◆ Your goal: Write out the data word for word and drop any picture you find.

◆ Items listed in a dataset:
▶

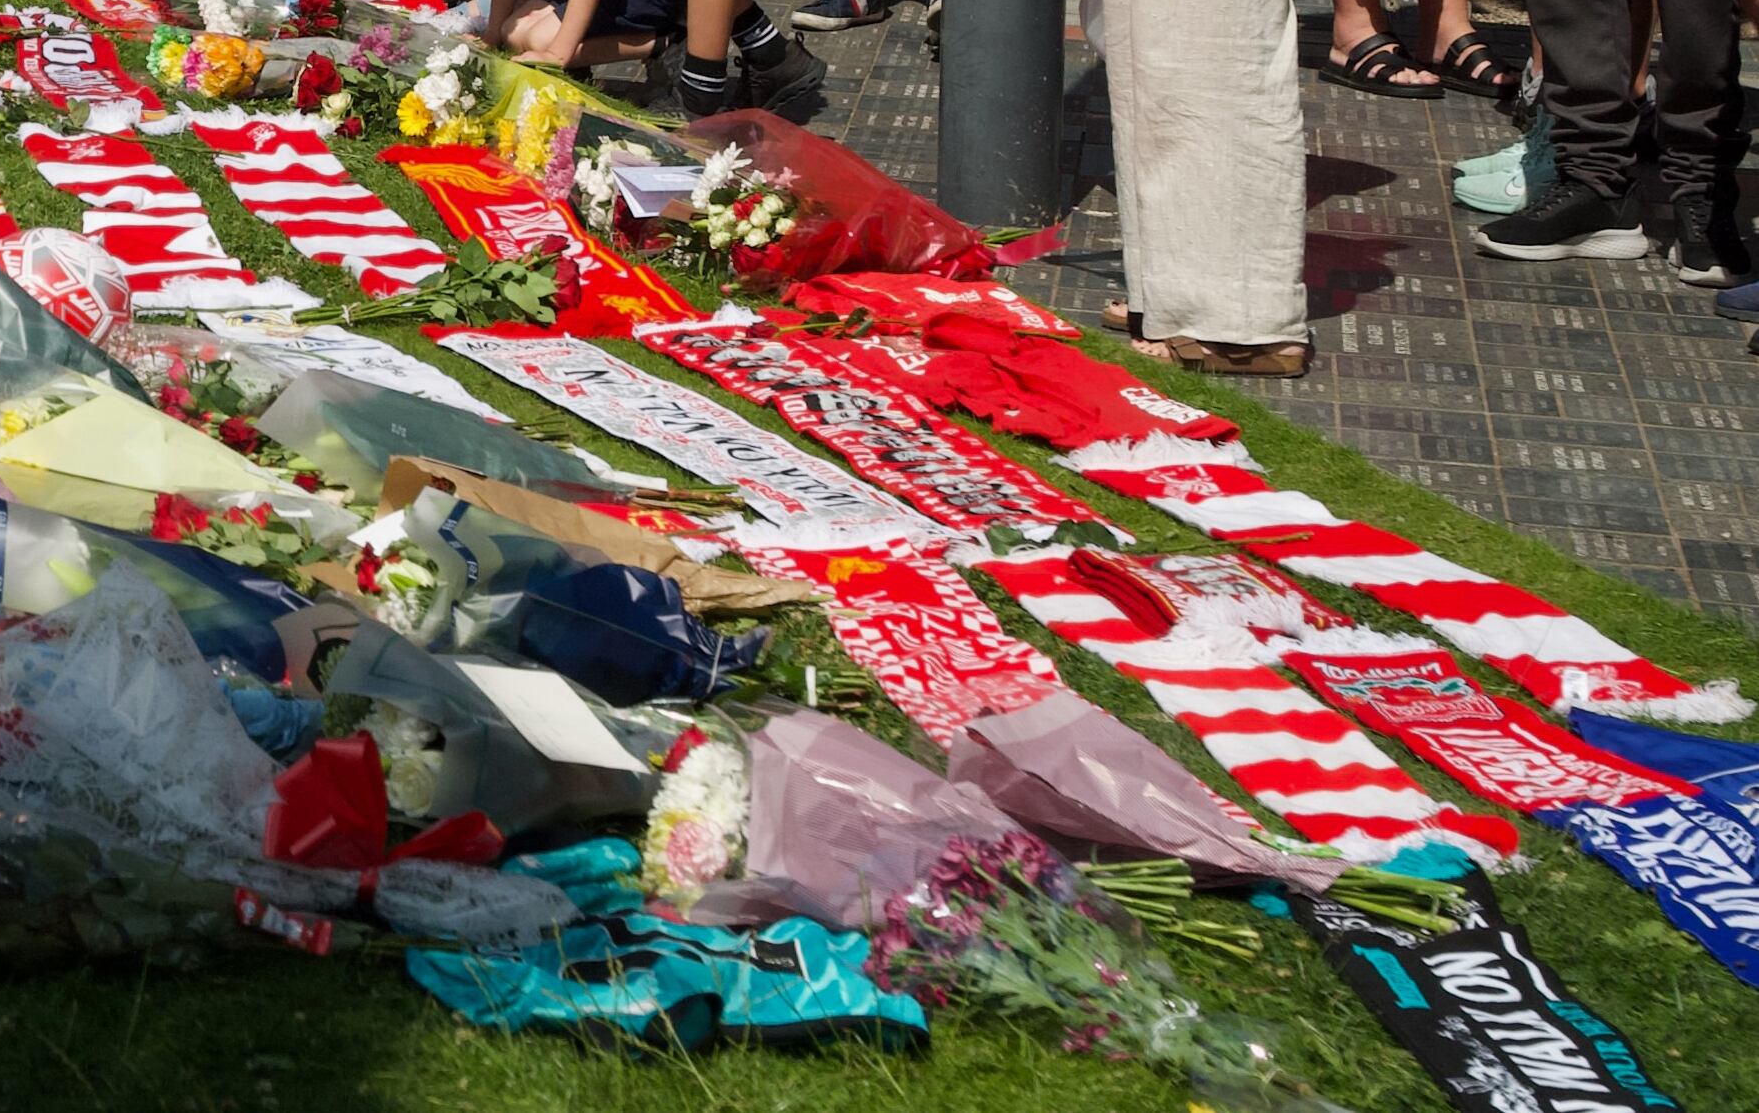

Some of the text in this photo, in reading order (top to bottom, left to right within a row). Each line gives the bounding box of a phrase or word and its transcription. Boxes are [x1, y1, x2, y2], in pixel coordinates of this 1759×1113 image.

[1311, 660, 1442, 680] LIVERPOOL
[1420, 950, 1611, 1094] WALK ON
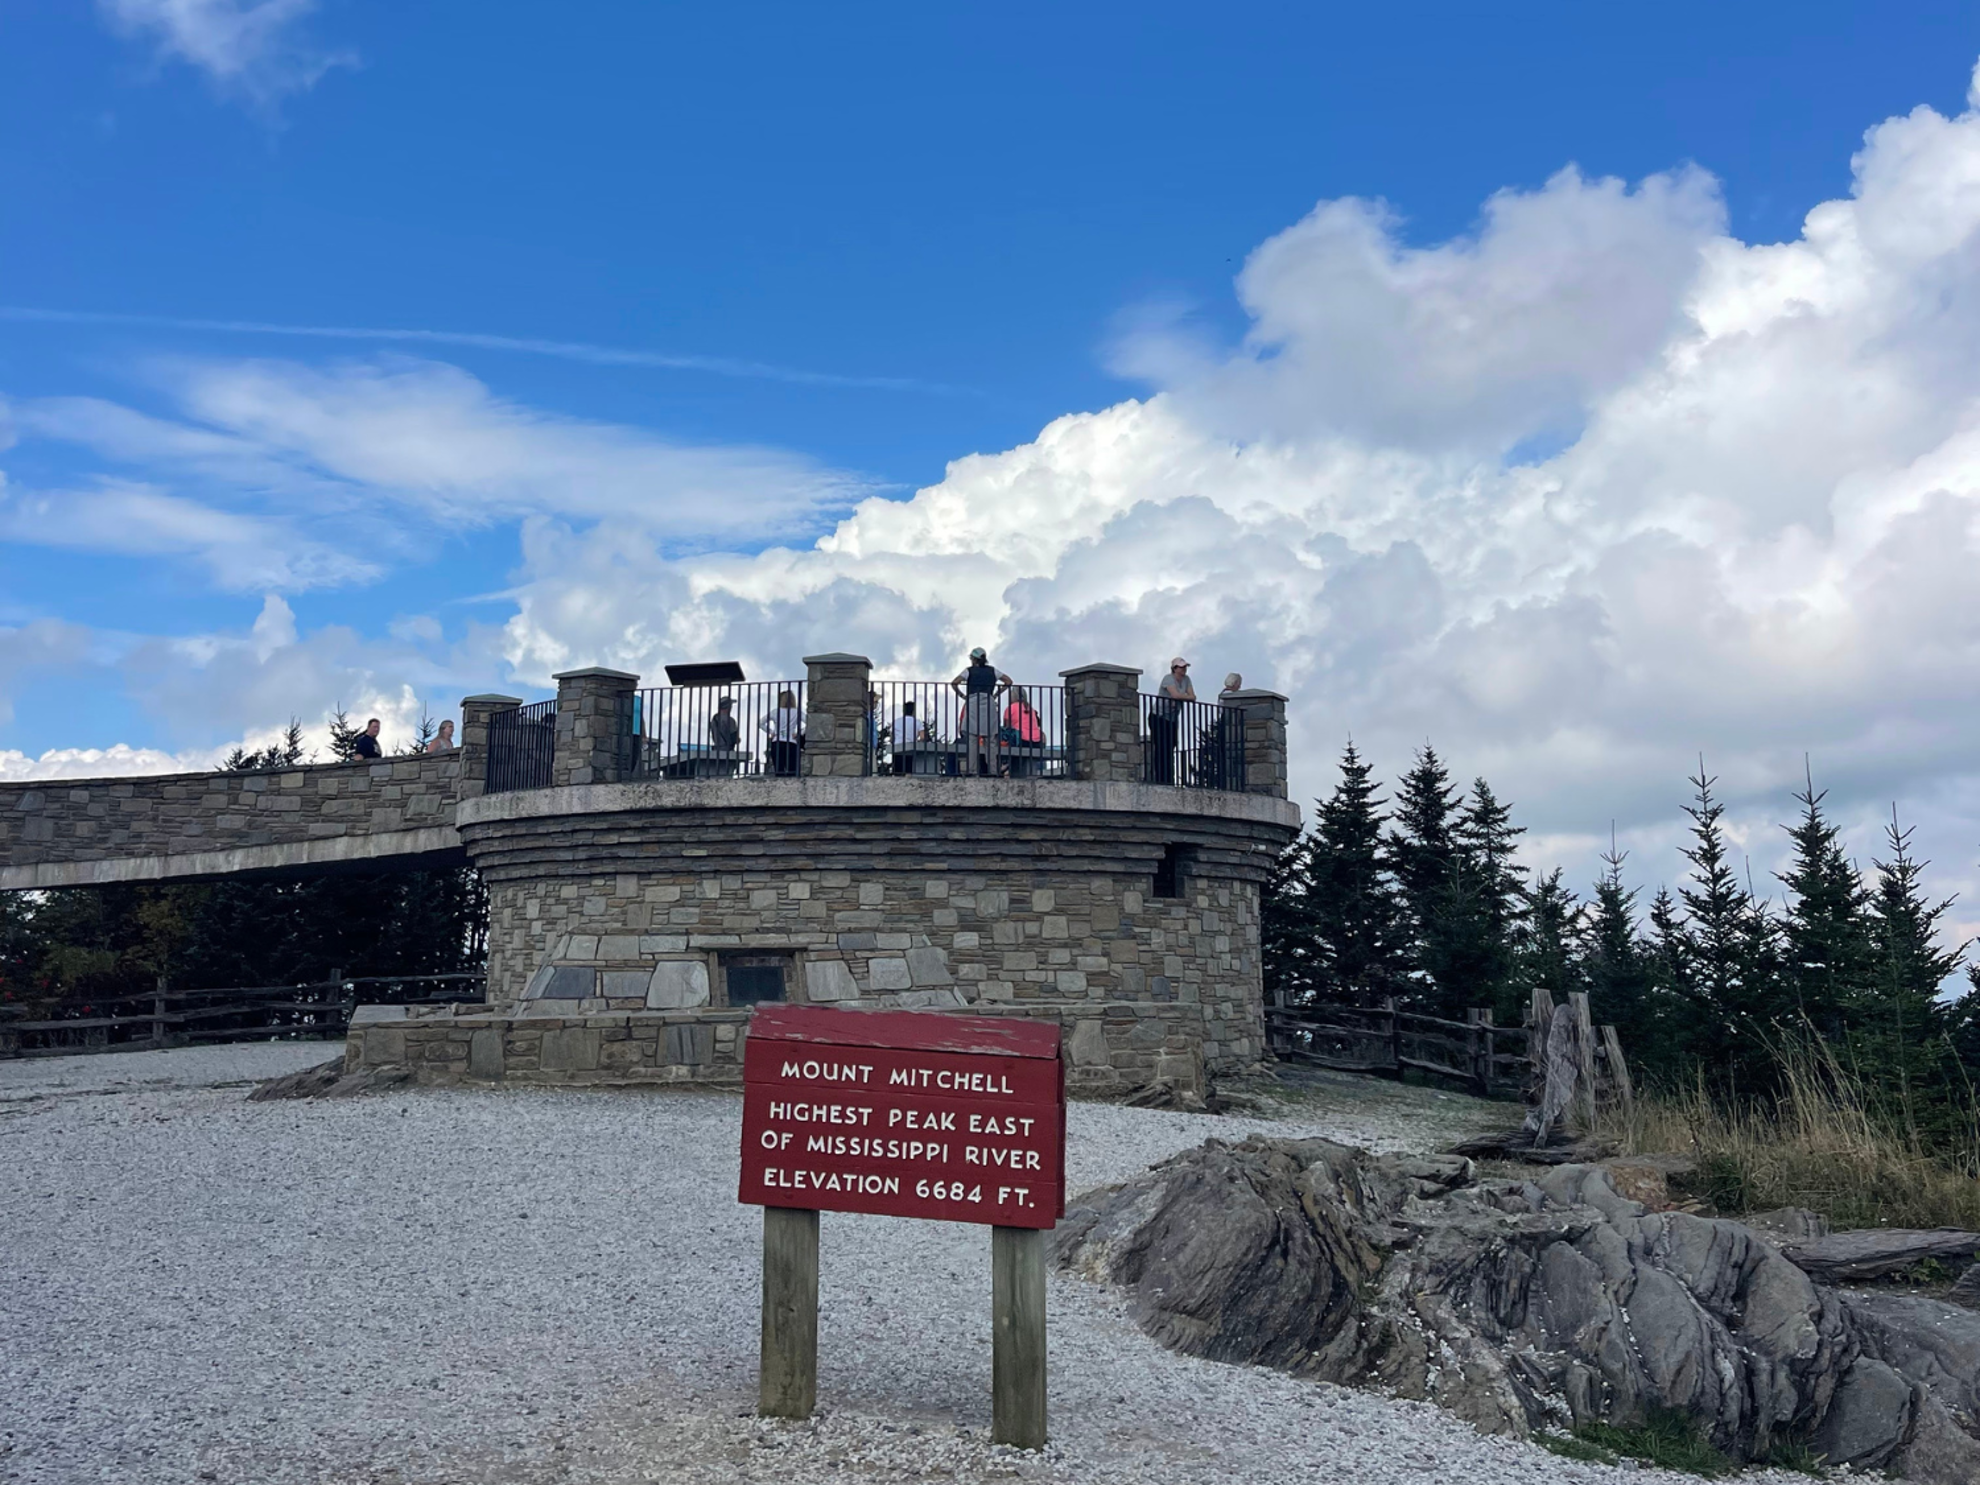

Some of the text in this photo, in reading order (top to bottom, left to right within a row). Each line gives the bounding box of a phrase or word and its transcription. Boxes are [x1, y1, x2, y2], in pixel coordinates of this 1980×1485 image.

[781, 1061, 1014, 1094] MOUNT MITCHELL
[770, 1102, 1035, 1137] HIGHEST PEAK EAST
[761, 1130, 1041, 1171] OF MISSISSIPPI RIVER
[764, 1168, 1035, 1208] ELEVATION 6684 FT.

◀

◆ Answer section:
Some of the text in this photo, in reading order (top to bottom, left to right within a row). Each line gives the bounding box of a phrase or word and its transcription. Boxes are [x1, y1, x2, y2], in pixel coordinates of this 1759×1113 image.

[1311, 660, 1442, 680] LIVERPOOL
[1420, 950, 1611, 1094] WALK ON

Some of the text in this photo, in reading order (top to bottom, left to right within a row). Each line gives the bounding box of a phrase or word and its transcription. Boxes are [x1, y1, x2, y2], in pixel coordinates of this 1980×1485 image.

[781, 1061, 1014, 1094] MOUNT MITCHELL
[770, 1102, 1035, 1137] HIGHEST PEAK EAST
[761, 1130, 1041, 1171] OF MISSISSIPPI RIVER
[764, 1168, 1035, 1208] ELEVATION 6684 FT.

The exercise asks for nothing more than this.